REPUBLIKA.CO.ID, JAKARTA -- Antropolog dari Universitas Indonesia, Irwan Martua Hidayana, memperkirakan pro dan kontra dalam menanggapi ragam ekspresi Islam di Indonesia akan terus terjadi. Dia mengingatkan agar masyarakat tetap berpikir jernih dan tidak memaksakan kehendak.
“Pro dan kontra dalam menanggapi ekspresi keagamaan itu wajar. Apalagi Islam di Indonesia majemuk,” ujarnya saat dihubungi ROL, Senin (18/5).
Kemajemukan Islam sendiri, kata dia, disebabkan persebaran Islam di Indonesia yang selalu mengalami percampuran dengan budaya lokal setempat. Karena itu, masyarakat Indonesia perlu berpikir jernih dalam menyikapi berbagai ekspresi keislaman yang ada.
“Dalam konteks membaca Alquran menggunakan irama langgam Jawa misalnya, harus lebih dilihat konteksnya.
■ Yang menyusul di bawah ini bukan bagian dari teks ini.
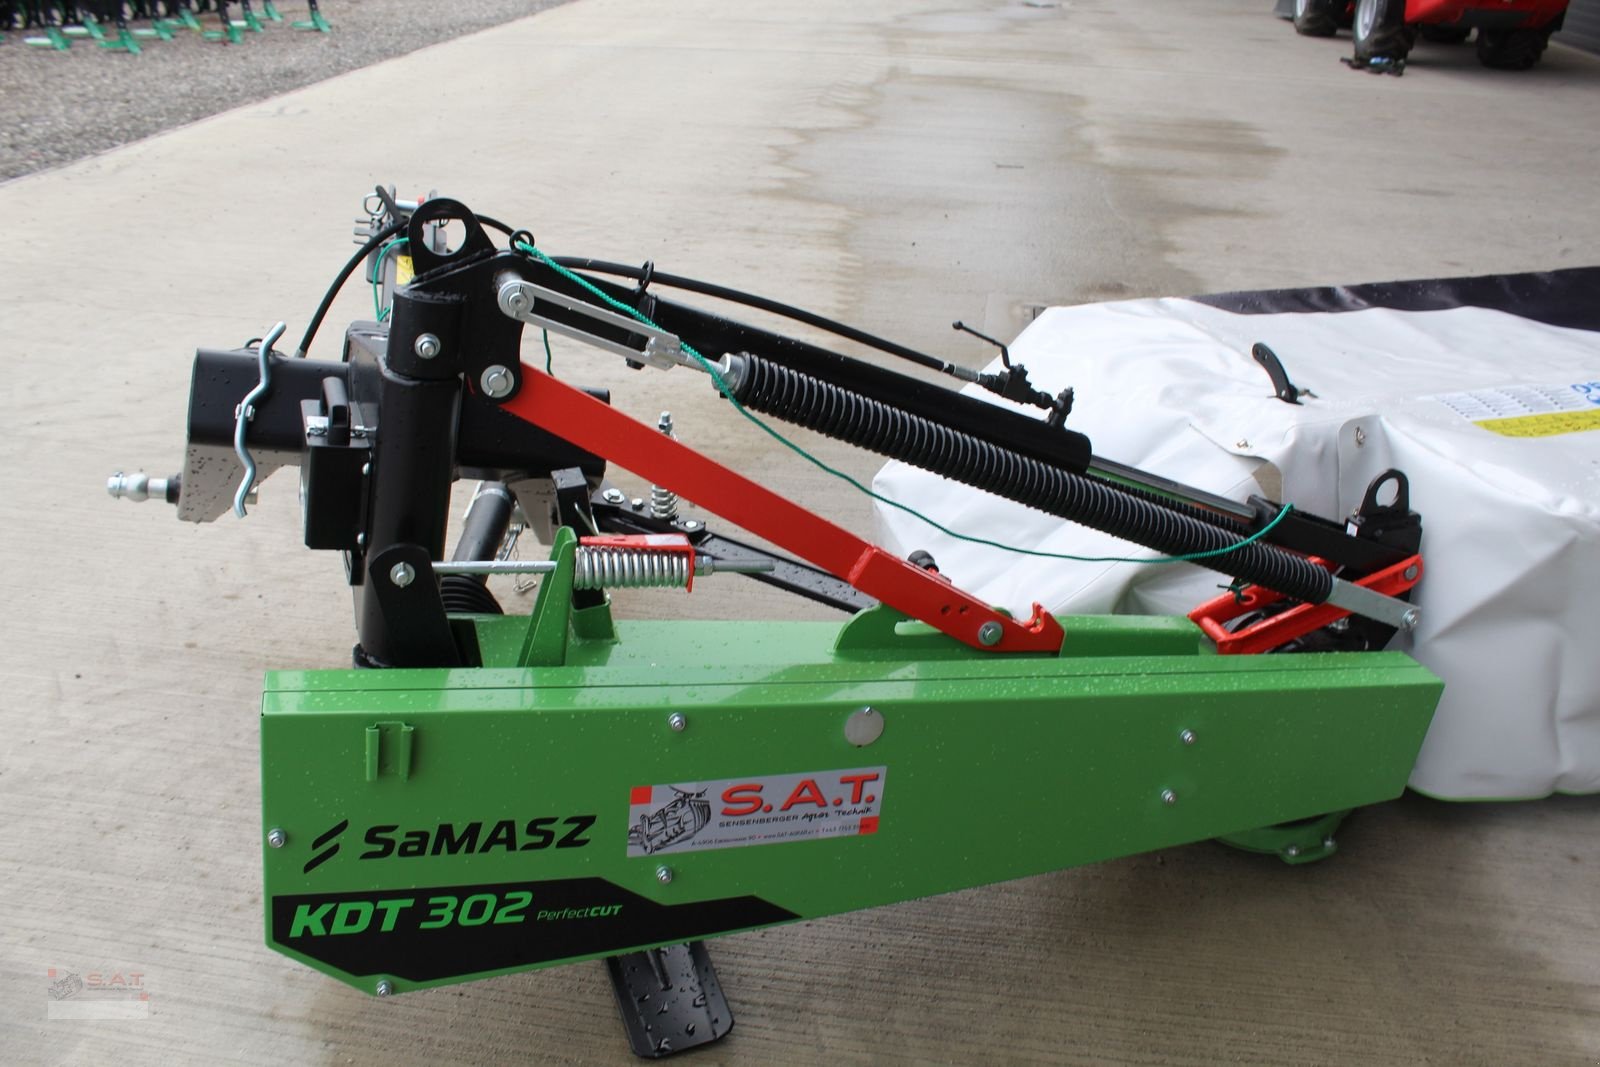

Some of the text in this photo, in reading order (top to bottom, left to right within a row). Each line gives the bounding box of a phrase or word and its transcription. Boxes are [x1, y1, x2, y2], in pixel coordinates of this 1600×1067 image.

[719, 815, 799, 828] SENSENBERGER
[834, 805, 873, 817] Technik
[720, 773, 880, 816] S.A.T.
[359, 815, 597, 860] SaMASZ
[289, 891, 624, 938] KDT 302 PerfectCUT
Jangan semata melihat perbedaannya saja lantas disebut sebagai sesuatu yang kurang lazim,” terangnya.
Selain melihat konteks, dia pun menyarankan agar pihak-pihak tertentu tidak saling memaksakan kehendak dalam menyikapi fenomena tersebut. Perlu disadari bahwa jauh sebelum Islam berkembang luas, masyarakat Indonesia telah lebih dulu memiliki identitas sebagai bangsa yang majemuk.
“Dalam dinamika masyarakat, pro dan kontra akan tetap berlanjut. Yang selalu perlu diingat jangan sampai adanya perbedaan memicu konflik,” tegasnya.
Baru-baru ini, salah satu stasiun televisi nasional menanyangkan pembacaan Alquran dengan langgam Jawa. Menteri Agama (Menag), Lukman Hakim Saifuddin mengapresiasi hal itu dengan menyebutnya sebagai bentuk kekayaan ragam bacaan Alquran khas Nusantara. Meski begitu, tetap ada pro dan kontra dari berbagai kalangan Muslim. (c36)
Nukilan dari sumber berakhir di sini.